Julia too: it was strange that his thoughts should turn to her with such peculiar pity. It was not because the boy had been born of her body: Campton did not see her now, as he once had in a brief moment of compassion, as the young mother bending illumined above her baby. He saw her as an old empty-hearted woman, and asked himself how such an unmanageable monster as grief was to fill the room up of her absent son.
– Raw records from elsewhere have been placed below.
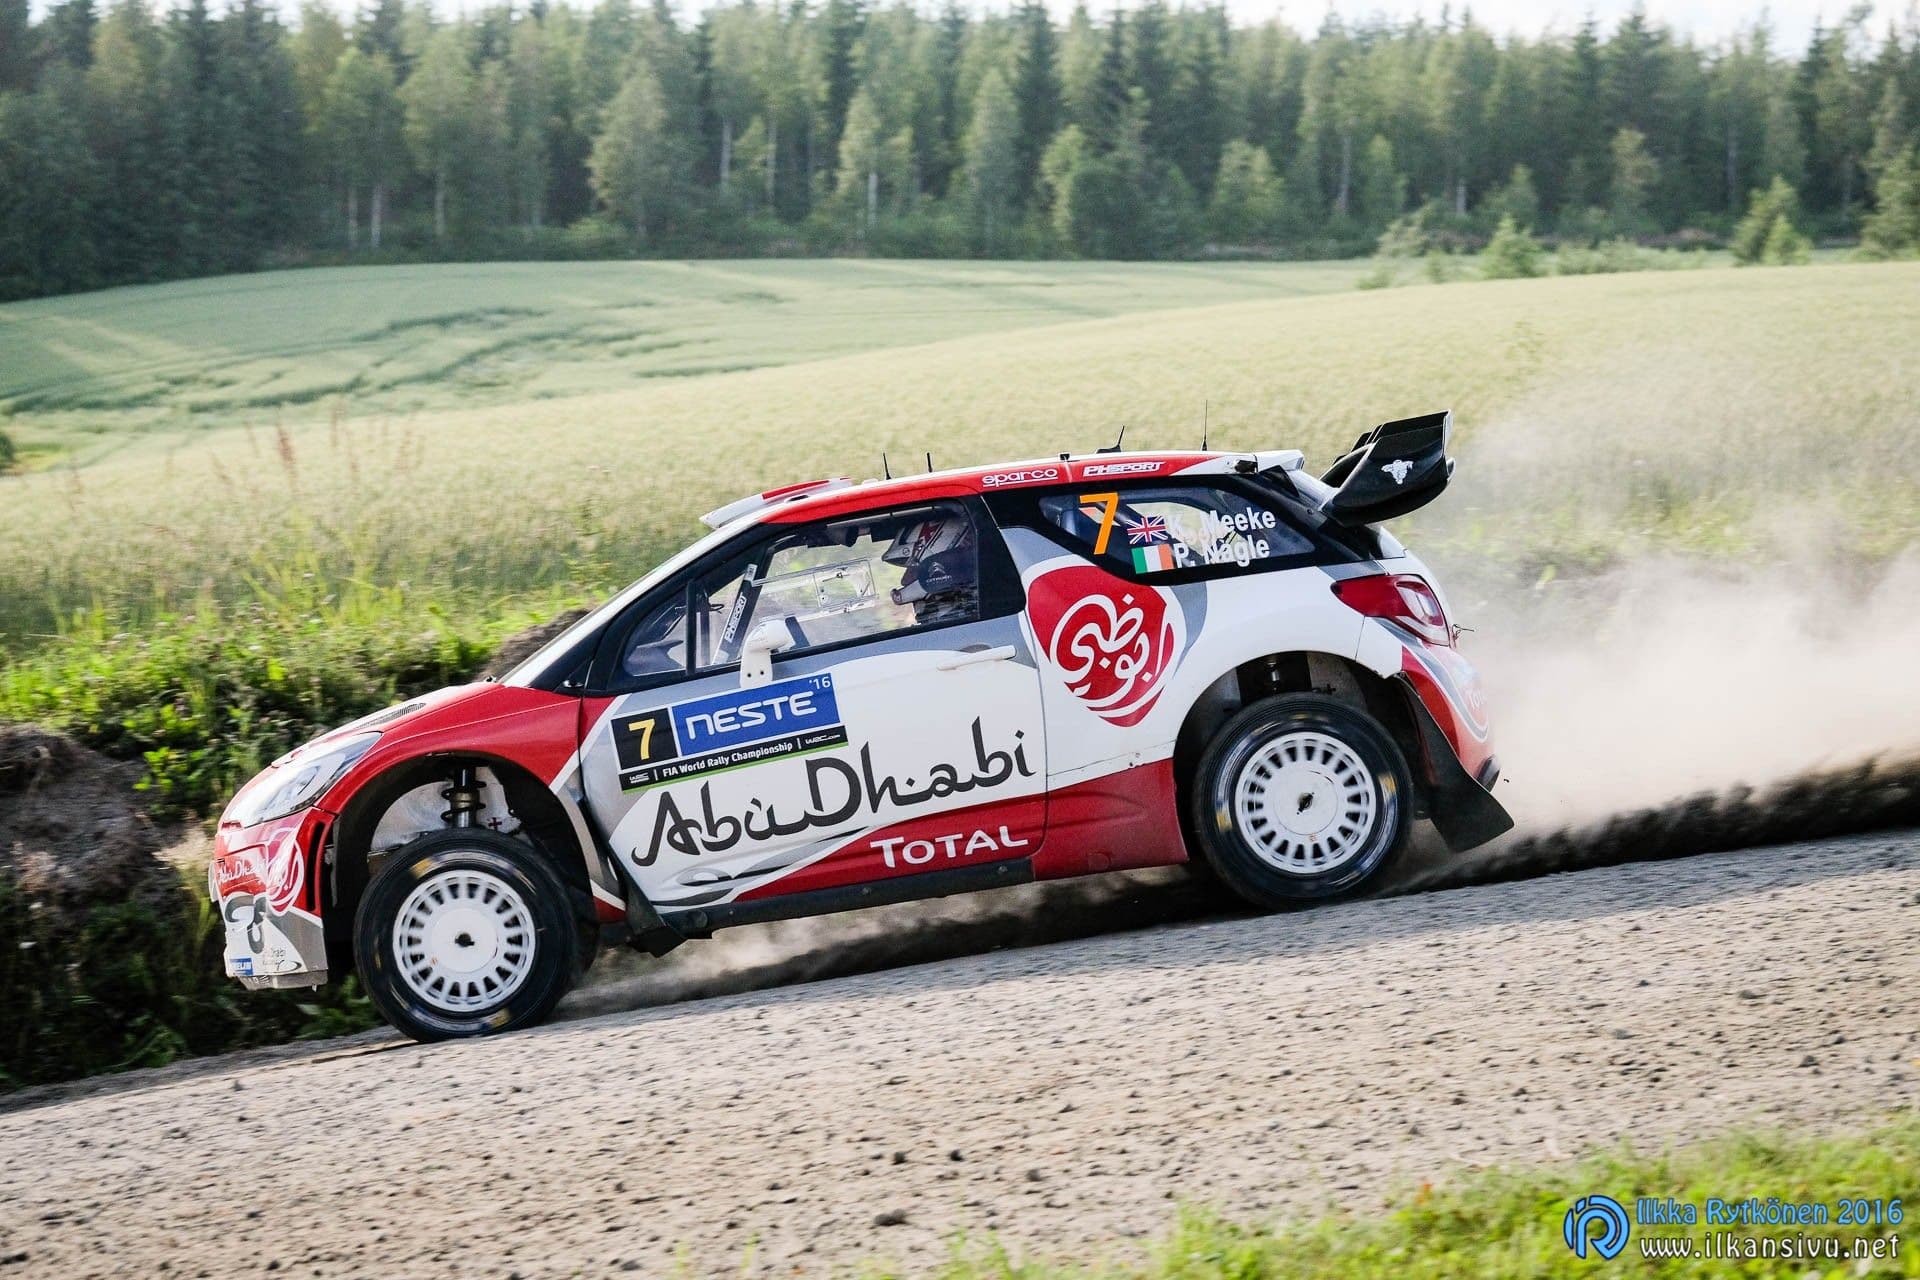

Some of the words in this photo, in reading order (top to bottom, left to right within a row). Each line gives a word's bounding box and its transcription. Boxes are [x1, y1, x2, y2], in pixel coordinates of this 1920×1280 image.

[982, 468, 1058, 487] sparco
[1083, 461, 1166, 477] PHSPORT
[1080, 492, 1119, 555] 7
[1201, 506, 1276, 540] Meeke
[1173, 542, 1196, 569] P.
[1202, 534, 1270, 568] Nagle
[685, 691, 817, 740] NESTE
[628, 718, 656, 761] 7
[662, 766, 679, 778] FIA
[678, 760, 706, 775] World
[707, 755, 731, 771] Rally
[731, 741, 794, 762] Championship
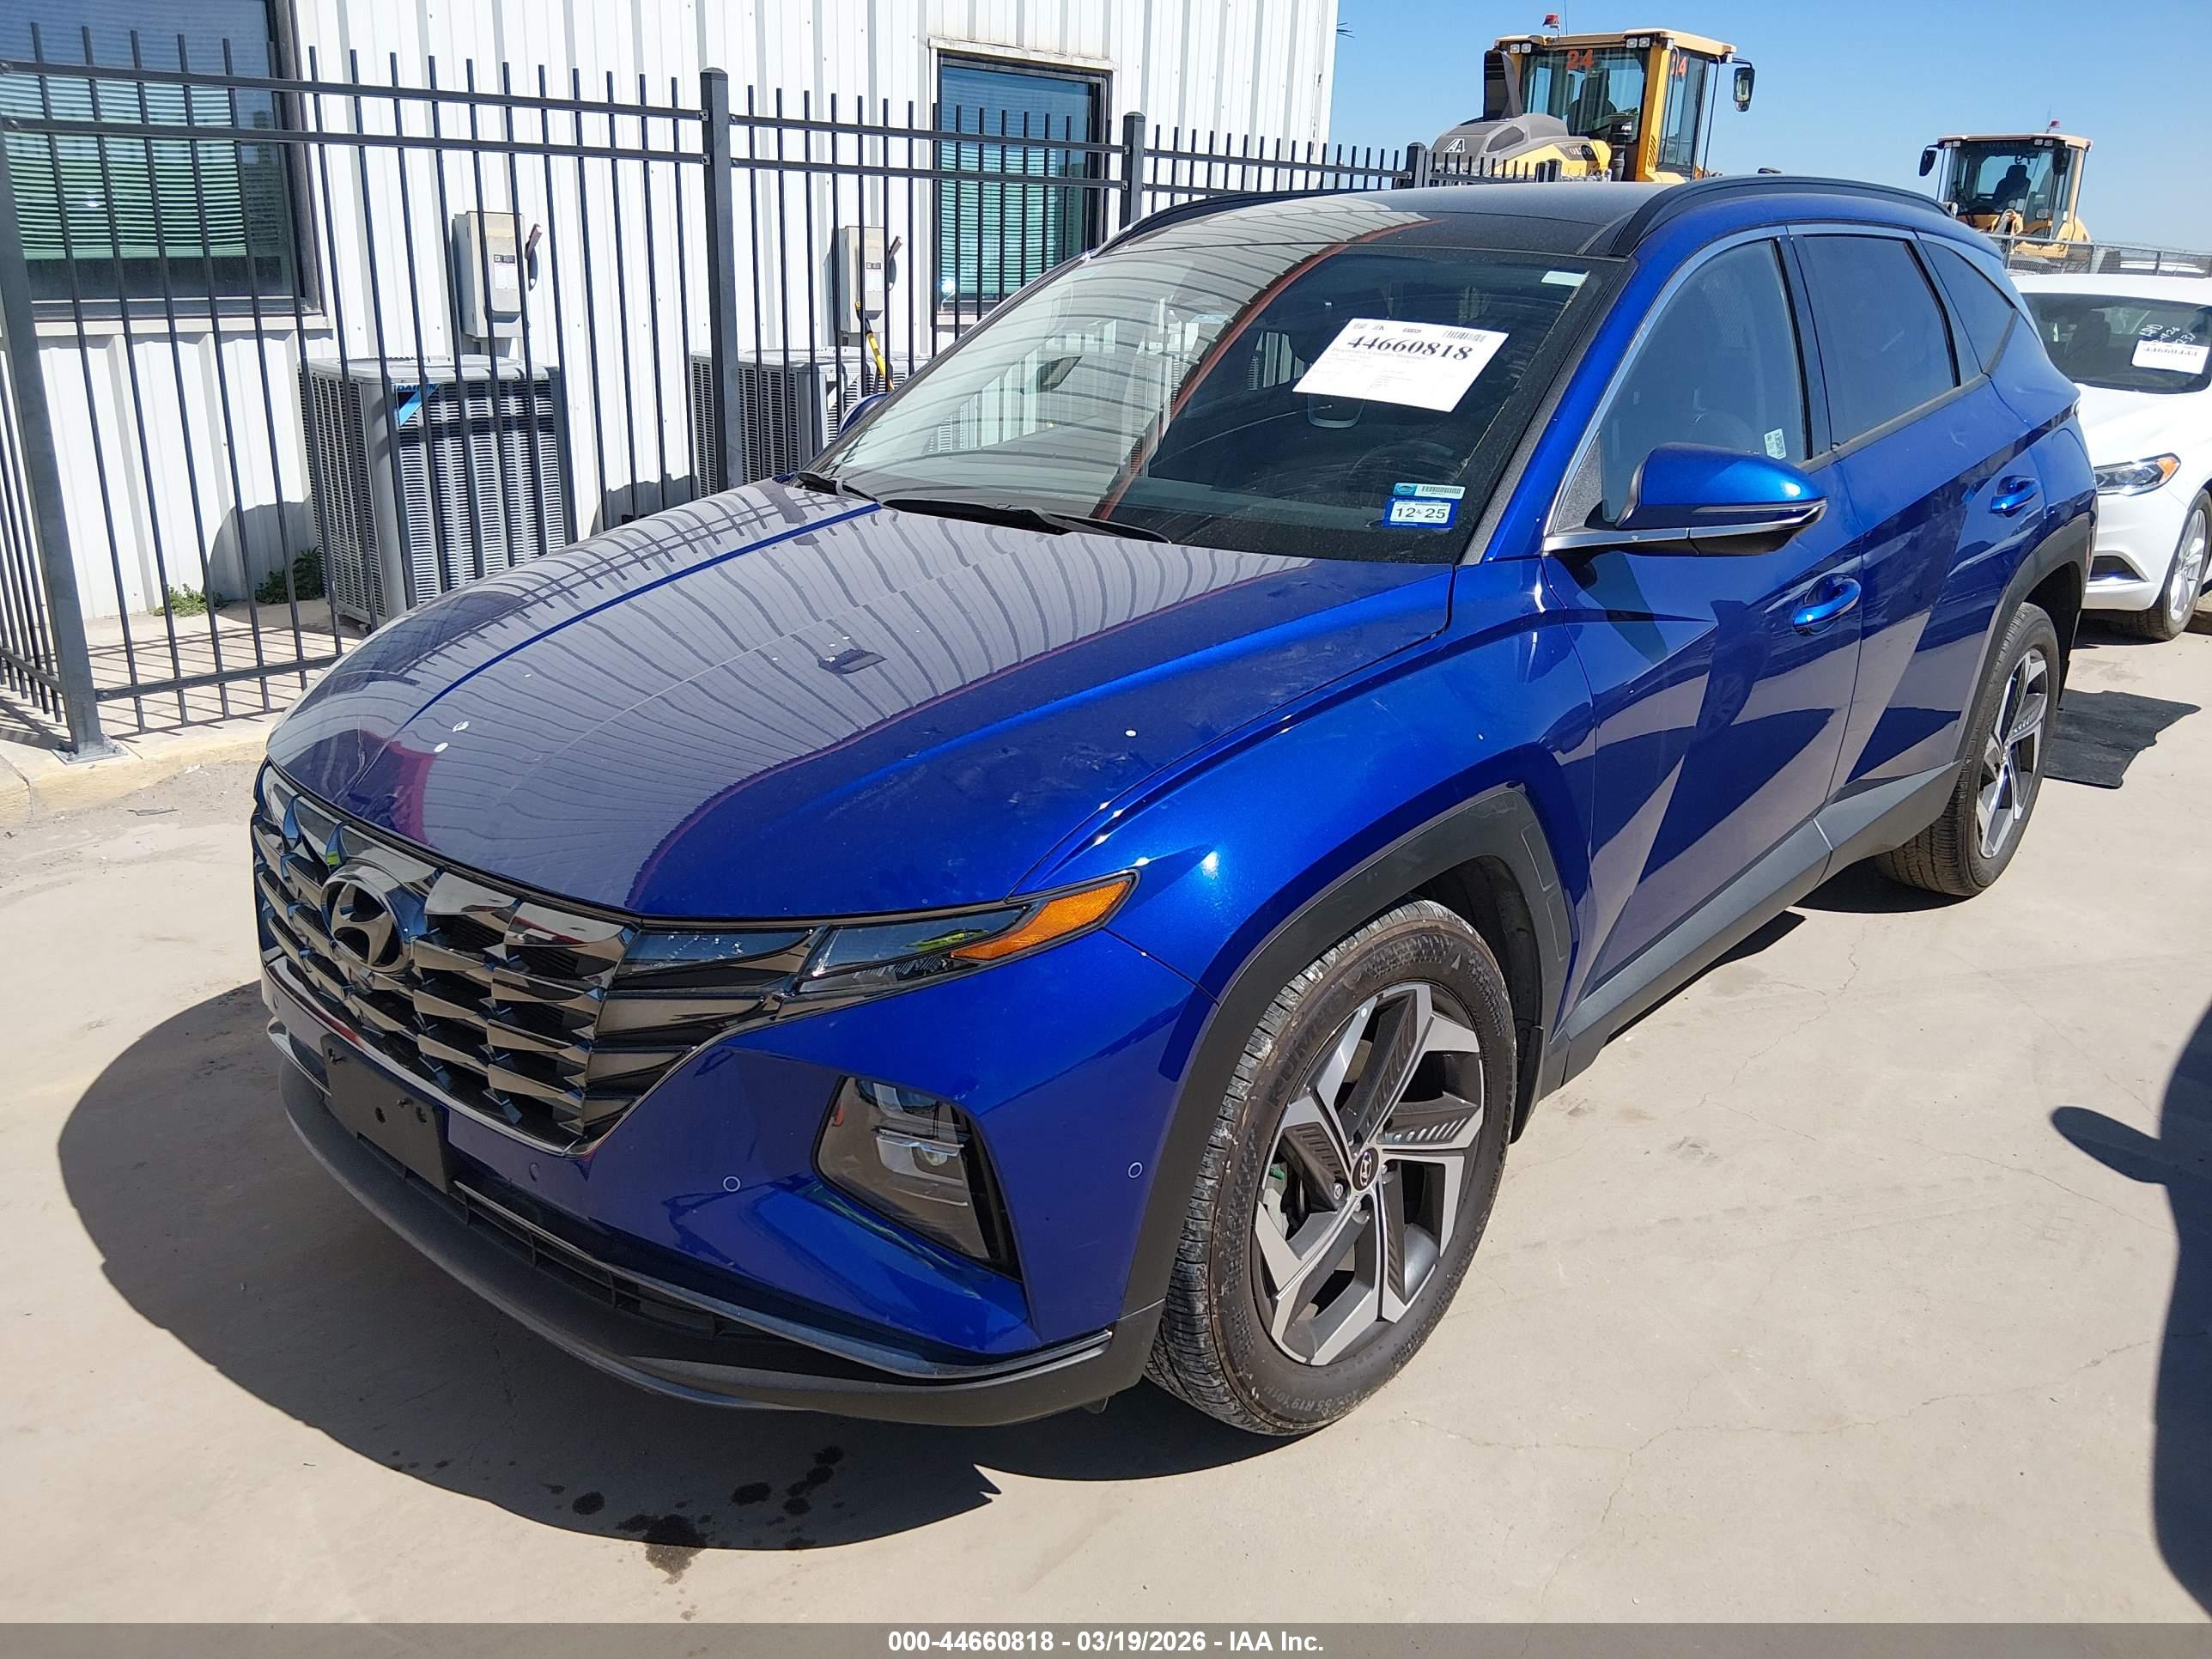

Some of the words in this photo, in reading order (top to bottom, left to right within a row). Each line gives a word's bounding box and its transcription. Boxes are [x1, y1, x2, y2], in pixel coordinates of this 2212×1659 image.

[1565, 49, 1595, 70] 24
[1347, 335, 1474, 362] 44660818
[1396, 507, 1416, 518] 12
[1425, 507, 1447, 519] 25
What did such people as Julia do with grief, he wondered, how did they make room for it in their lives, get up and lie down every day with its taste on their lips? Its elemental quality, that awful sense it communicated of a whirling earth, a crumbling Time, and all the cold stellar spaces yawning to receive us—these feelings which he was beginning to discern and to come to terms with in his own way (and with the sense that it would have been George’s way too), these feelings could never give their stern appeasement to Julia… Her religion? Yes, such as it was no doubt it would help; talking with the Rector would help; giving more time to her church-charities, her wounded soldiers, imagining that she was paying some kind of tax on her affliction. But the vacant evenings, at home, face to face with Brant! Campton had long since seen that the one thing which had held the two together was their shared love of George; and if Julia discovered, as she could hardly fail to do, how much more deeply Brant had loved her son than she had, and how much more inconsolably he mourned him, that would only increase her sense of isolation. And so, in sheer self-defence, she would gradually, stealthily, fill up the void with the old occupations, with bridge and visits and secret consultations at the dressmaker’s about the width of crape on her dresses; and all the while the object of life would be gone for her. Yes; he pitied Julia most of all.
But Mr. Brant too—perhaps in a different way it was he who suffered most. For the stellar spaces were not exactly Mr. Brant’s native climate, and yet voices would call to him from them, and he would not know…
There were moments when Campton looked about him with astonishment at the richness of his own denuded life; when George was in the sunset, in the voices of young people, or in any trivial joke that father and son would have shared; and other moments when he was nowhere, utterly lost, extinct and irrecoverable; and others again when the one thing which could have vitalized the dead business of living would have been to see him shove open the studio door, stalk in, pour out some coffee for himself in his father’s cup, and diffuse through the air the warm sense of his bodily presence, the fresh smell of his clothes and his flesh and his hair. But through all these moods, Campton began to see, there ran the life-giving power of a reality embraced and accepted. George had been; George was; as long as his father’s consciousness lasted, George would be as much a part of it as the closest, most actual of his immediate sensations. He had missed nothing of George, and here was his harvest, his golden harvest.
Such states of mind were not constant with Campton; but more and more often, when they came, they swept him on eagle wings over the next desert to the next oasis; and so, gradually, the meaningless days became linked to each other in some kind of intelligible sequence.
Boylston, after the talk which had so agitated Campton, did not turn up again at the studio for some time; but when he next appeared the painter, hardly pausing to greet him, began at once, as if they had just parted: “That monument you spoke about the other day … you know…”
Boylston glanced at him in surprise.